Image-backed grounding data
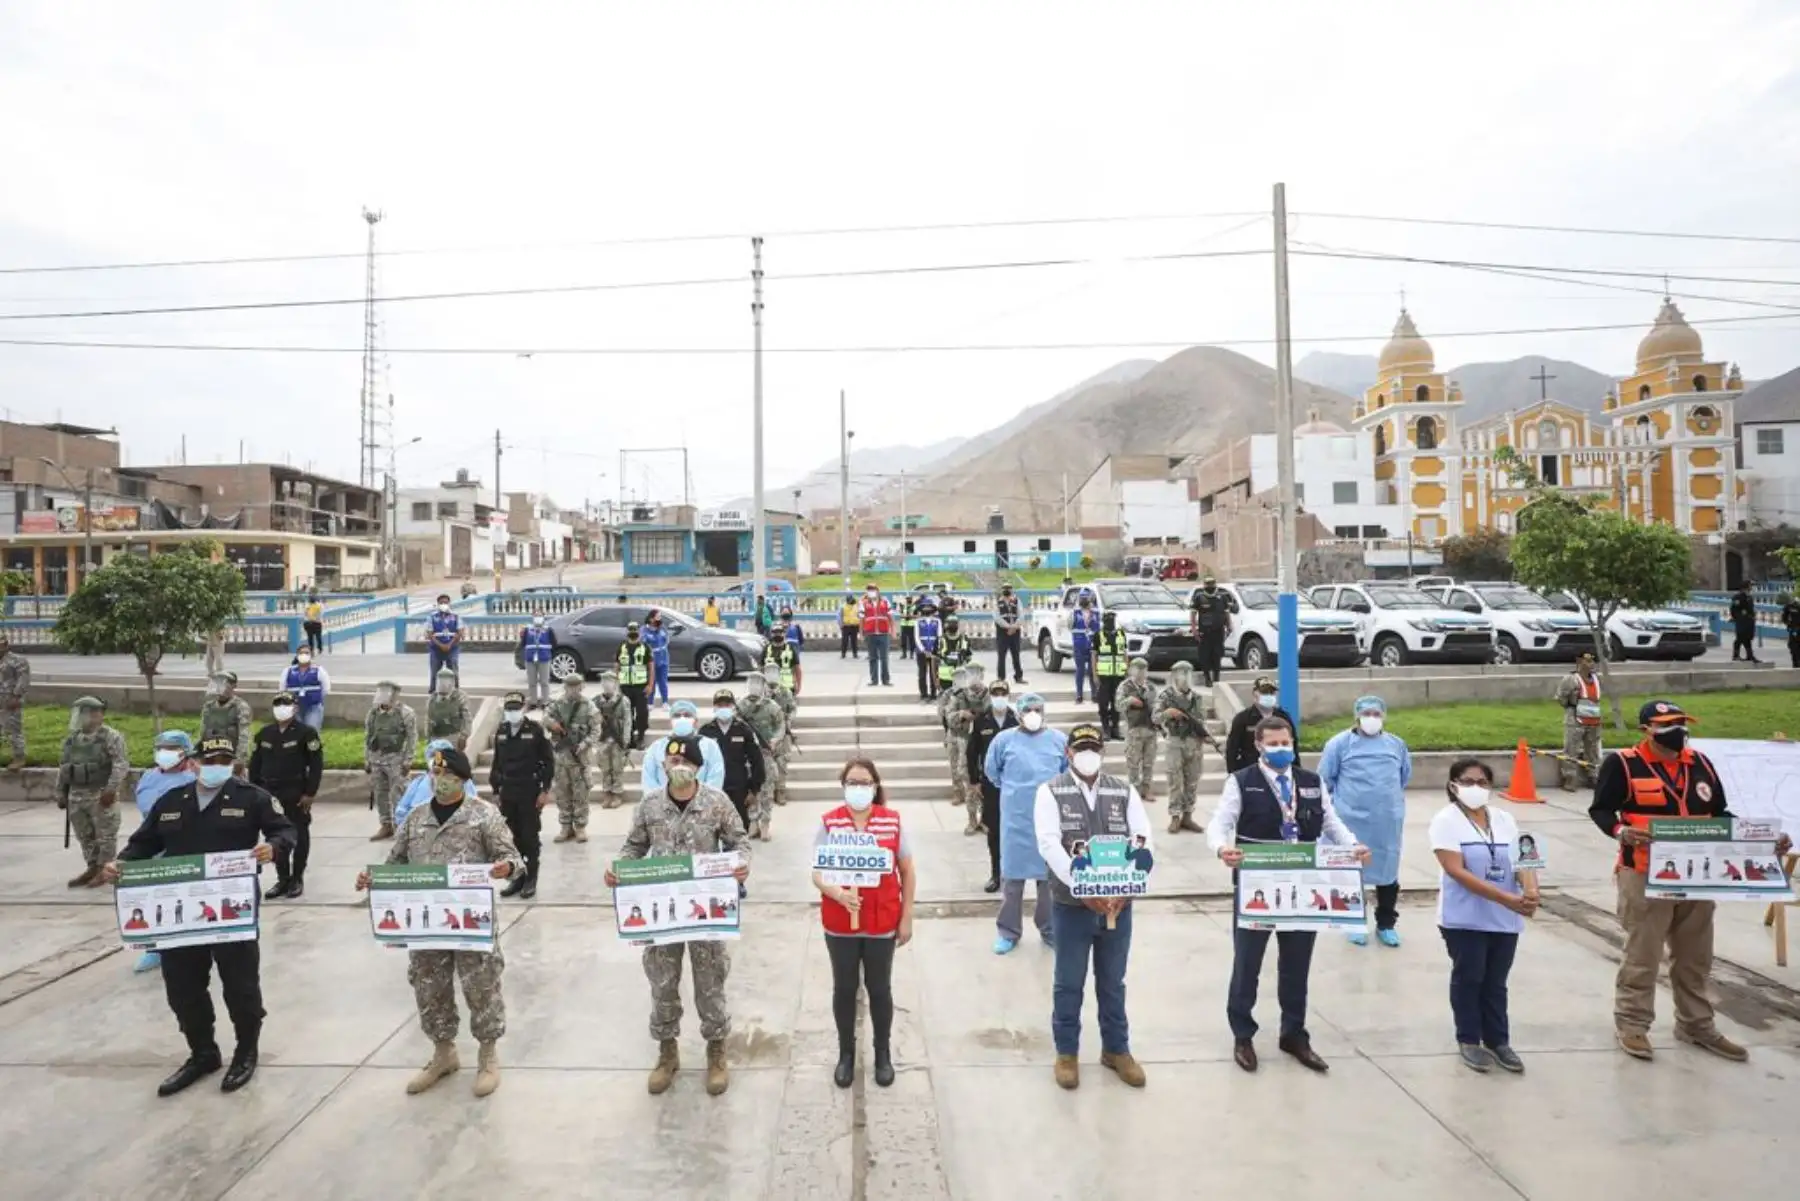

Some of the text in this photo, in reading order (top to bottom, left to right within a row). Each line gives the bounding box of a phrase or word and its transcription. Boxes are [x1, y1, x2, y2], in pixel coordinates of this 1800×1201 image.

[830, 832, 875, 846] MINSA
[818, 855, 886, 868] DE TODOS
[1132, 872, 1145, 881] tu
[1072, 882, 1147, 896] distancia!

● **Problem statement**:
Skipping all images, print the data above a second time exactly.

● **Result for this exercise**:
Some of the text in this photo, in reading order (top to bottom, left to right within a row). Each line gives the bounding box of a phrase or word and its transcription. Boxes are [x1, y1, x2, y2], in pixel coordinates of this 1800×1201 image.

[830, 832, 875, 846] MINSA
[818, 855, 886, 868] DE TODOS
[1132, 872, 1145, 881] tu
[1072, 882, 1147, 896] distancia!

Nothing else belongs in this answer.